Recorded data
*-*-*

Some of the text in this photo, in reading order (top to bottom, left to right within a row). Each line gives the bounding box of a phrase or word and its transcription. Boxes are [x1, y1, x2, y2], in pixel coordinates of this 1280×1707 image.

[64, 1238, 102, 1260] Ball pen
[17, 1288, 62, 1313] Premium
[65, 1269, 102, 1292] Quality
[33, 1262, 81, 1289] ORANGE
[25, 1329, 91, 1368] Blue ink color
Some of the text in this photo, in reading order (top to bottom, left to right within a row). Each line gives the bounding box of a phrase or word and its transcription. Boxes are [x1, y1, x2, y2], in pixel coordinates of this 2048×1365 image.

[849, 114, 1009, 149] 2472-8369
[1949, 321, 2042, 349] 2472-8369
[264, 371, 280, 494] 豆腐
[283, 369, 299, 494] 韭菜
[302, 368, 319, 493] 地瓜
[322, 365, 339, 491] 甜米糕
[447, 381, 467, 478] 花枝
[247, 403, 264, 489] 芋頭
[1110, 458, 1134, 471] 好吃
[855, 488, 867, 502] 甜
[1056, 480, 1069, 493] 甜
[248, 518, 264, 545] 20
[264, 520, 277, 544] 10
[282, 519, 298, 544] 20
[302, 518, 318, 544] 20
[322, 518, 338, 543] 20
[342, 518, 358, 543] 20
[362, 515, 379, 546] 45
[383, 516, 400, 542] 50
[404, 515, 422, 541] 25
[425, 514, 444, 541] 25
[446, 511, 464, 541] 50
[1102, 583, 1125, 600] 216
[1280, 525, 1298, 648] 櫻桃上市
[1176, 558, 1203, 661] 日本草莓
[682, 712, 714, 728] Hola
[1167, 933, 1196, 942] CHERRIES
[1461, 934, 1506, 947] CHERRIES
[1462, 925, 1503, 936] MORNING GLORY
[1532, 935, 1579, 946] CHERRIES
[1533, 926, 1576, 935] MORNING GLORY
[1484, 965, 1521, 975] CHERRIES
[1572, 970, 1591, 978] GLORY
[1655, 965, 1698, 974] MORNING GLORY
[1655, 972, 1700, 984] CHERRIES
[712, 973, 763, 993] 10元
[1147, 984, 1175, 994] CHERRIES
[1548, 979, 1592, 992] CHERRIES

*-*-*

[Task directions]
Each entry above must be set down again without alteration.

[Output of the task]
Some of the text in this photo, in reading order (top to bottom, left to right within a row). Each line gives the bounding box of a phrase or word and its transcription. Boxes are [x1, y1, x2, y2], in pixel coordinates of this 1280×1707 image.

[64, 1238, 102, 1260] Ball pen
[17, 1288, 62, 1313] Premium
[65, 1269, 102, 1292] Quality
[33, 1262, 81, 1289] ORANGE
[25, 1329, 91, 1368] Blue ink color
Some of the text in this photo, in reading order (top to bottom, left to right within a row). Each line gives the bounding box of a phrase or word and its transcription. Boxes are [x1, y1, x2, y2], in pixel coordinates of this 2048×1365 image.

[849, 114, 1009, 149] 2472-8369
[1949, 321, 2042, 349] 2472-8369
[264, 371, 280, 494] 豆腐
[283, 369, 299, 494] 韭菜
[302, 368, 319, 493] 地瓜
[322, 365, 339, 491] 甜米糕
[447, 381, 467, 478] 花枝
[247, 403, 264, 489] 芋頭
[1110, 458, 1134, 471] 好吃
[855, 488, 867, 502] 甜
[1056, 480, 1069, 493] 甜
[248, 518, 264, 545] 20
[264, 520, 277, 544] 10
[282, 519, 298, 544] 20
[302, 518, 318, 544] 20
[322, 518, 338, 543] 20
[342, 518, 358, 543] 20
[362, 515, 379, 546] 45
[383, 516, 400, 542] 50
[404, 515, 422, 541] 25
[425, 514, 444, 541] 25
[446, 511, 464, 541] 50
[1102, 583, 1125, 600] 216
[1280, 525, 1298, 648] 櫻桃上市
[1176, 558, 1203, 661] 日本草莓
[682, 712, 714, 728] Hola
[1167, 933, 1196, 942] CHERRIES
[1461, 934, 1506, 947] CHERRIES
[1462, 925, 1503, 936] MORNING GLORY
[1532, 935, 1579, 946] CHERRIES
[1533, 926, 1576, 935] MORNING GLORY
[1484, 965, 1521, 975] CHERRIES
[1572, 970, 1591, 978] GLORY
[1655, 965, 1698, 974] MORNING GLORY
[1655, 972, 1700, 984] CHERRIES
[712, 973, 763, 993] 10元
[1147, 984, 1175, 994] CHERRIES
[1548, 979, 1592, 992] CHERRIES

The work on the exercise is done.